Lakewood legislative group examines Amendment 64


Amendment 64 and its effects on both the state and local level was the topic of discussion by lawmakers and experts at the May Lakewood legislative meeting.

Reps. Brittany Pettersen (D-House Dist. 28) and Max Tyler (D-House Dist. 23) and Sen. Andy Kerr (D-Sen. Dist. 22) were on hand to discuss some of the bills related to marijuana that they had come across, but the meeting was led by Sen. Cheri Jahn (D-Sen. Dist. 20) who was assigned to the Amendment 64 task force when the amendment passed.

“We have some experts here today, and though I feel like an expert because I’ve been working on this for so long, I’m still going through the process on the Amendment,” Jahn said.

“Part of our focus is we really have to educate people on the difference between state and federal laws. We don’t want the federal government coming to Colorado, so we need to do this really thoughtfully.”
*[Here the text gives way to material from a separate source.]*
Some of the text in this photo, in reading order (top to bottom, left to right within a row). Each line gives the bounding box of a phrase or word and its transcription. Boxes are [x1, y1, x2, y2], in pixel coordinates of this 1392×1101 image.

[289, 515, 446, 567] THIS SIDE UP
Of particular focus in the discussion was HB-1318, which refers a ballot measure to voters that would apply a 15 percent excise tax on wholesale marijuana and a 10 percent sales tax on retail sales. If passed, the measure would be on the ballot in November.
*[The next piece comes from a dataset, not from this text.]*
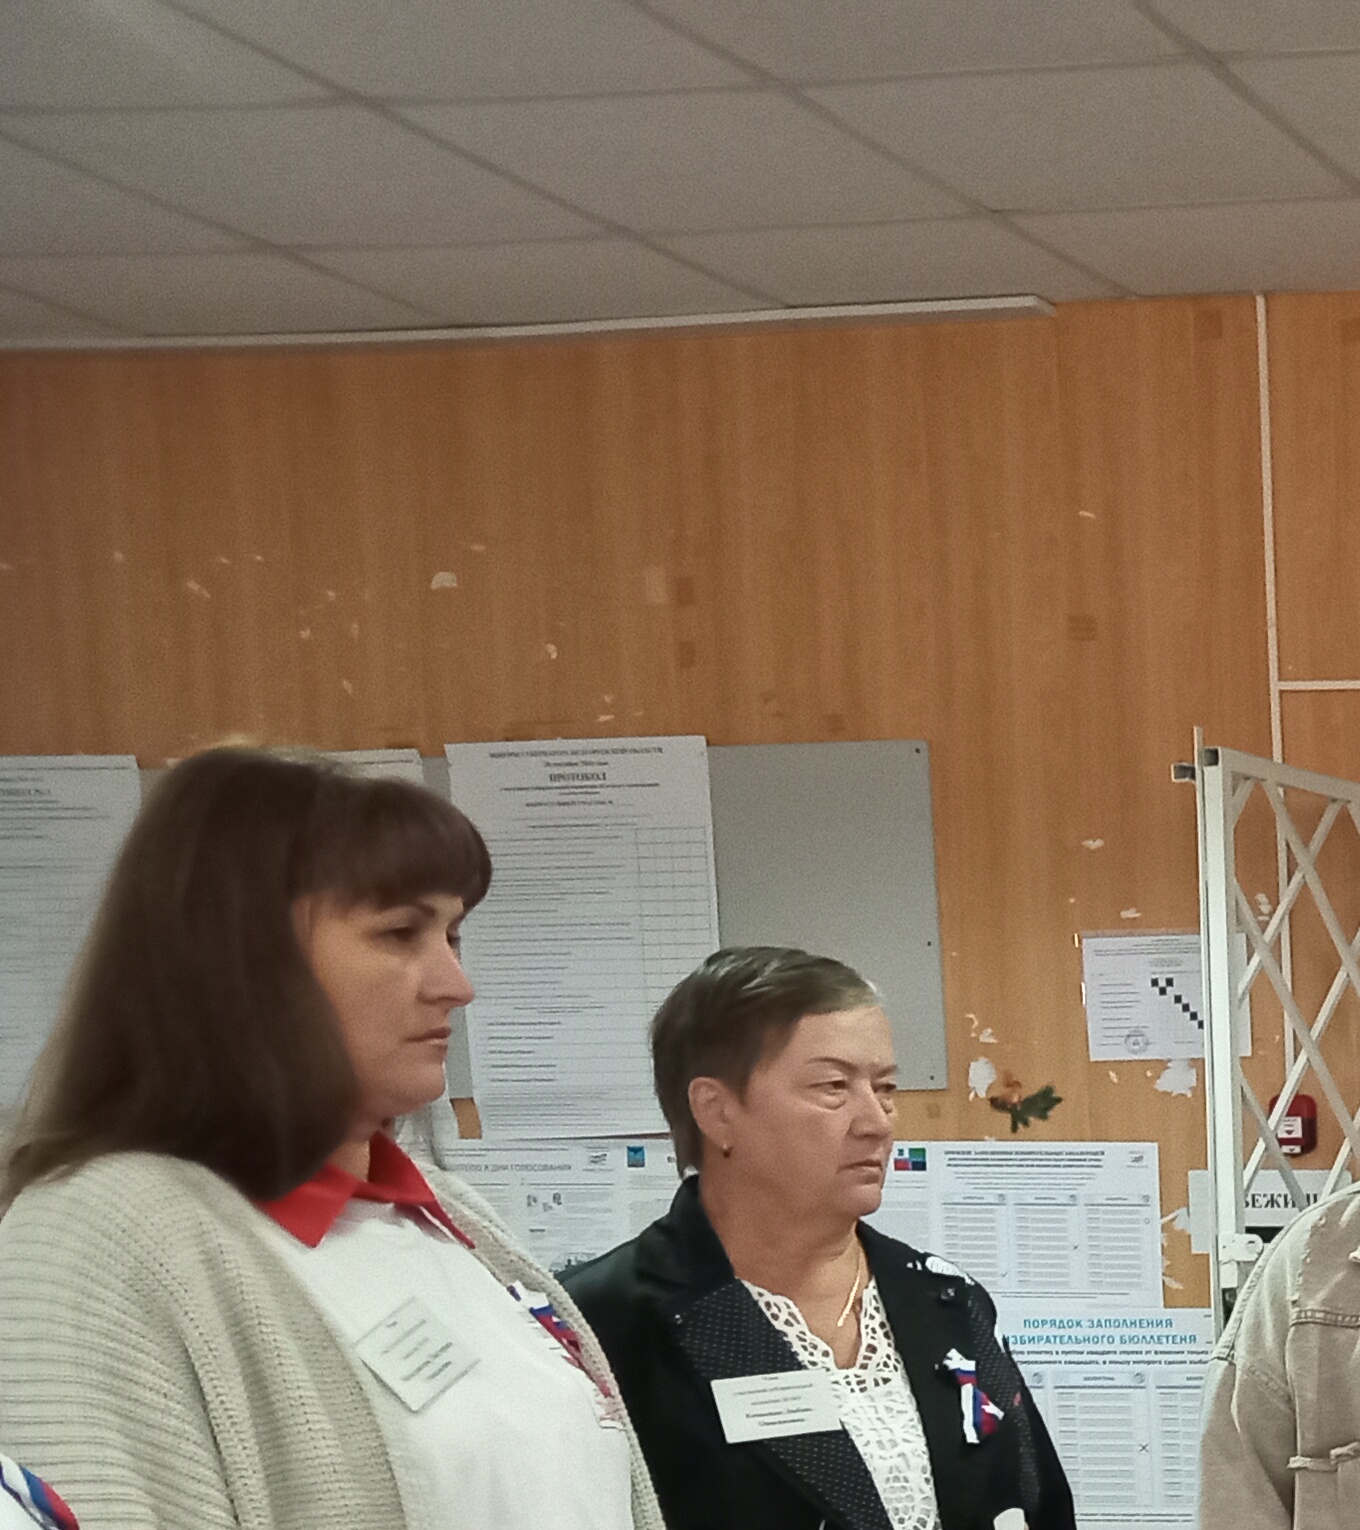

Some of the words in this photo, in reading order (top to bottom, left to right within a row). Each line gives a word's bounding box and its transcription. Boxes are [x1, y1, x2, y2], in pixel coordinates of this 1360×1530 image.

[1023, 1318, 1082, 1329] ПОРЯДОК
[1087, 1318, 1173, 1329] ЗАПОЛНЕНИЯ
[1120, 1334, 1197, 1345] БЮЛЛЕТЕНЯ
Christian Sederberg, a lawyer who works on medical marijuana and drug policy, spoke about the real aim of the amendment being a better way to regulate marijuana so that it is kept away from children and there is no need for a black market anymore.

“As a businesses owner we were very concerned that the rules and laws were properly down,” said Kristi Kelly, co-founder of Good Meds medical marijuana, which has a shop in Lakewood.

She talked about the challenges marijuana business face. “We really view this as a forum for us to demonstrate responsible use and practices.”

Rep. Jonathan Singer (D-Longmont), who said he was one of the few elected officials in favor of Amendment 64, believes that a robust regulatory market would not only help keep marijuana out of children’s hands, but the taxes proposed in HB-1318 would be a key part of regulating the new market.

Questions from attendees varied from information about second-hand smoke and contact highs to if there will be tourism built around the legalization and the labeling on edibles.

To some who expressed concern about Amendment 64, resident Rod Smith said “we need to think about it and take responsibility for our own actions.”

For Sederberg, it’s a matter of making sure that the whole process is fair and efficient.

“We want Colorado to be a model for this,” he said.

“We want the 55 percent of people who voted for it to be happy, and the 45 percent of people who didn’t to hopefully say it’s not so bad, or maybe even good.”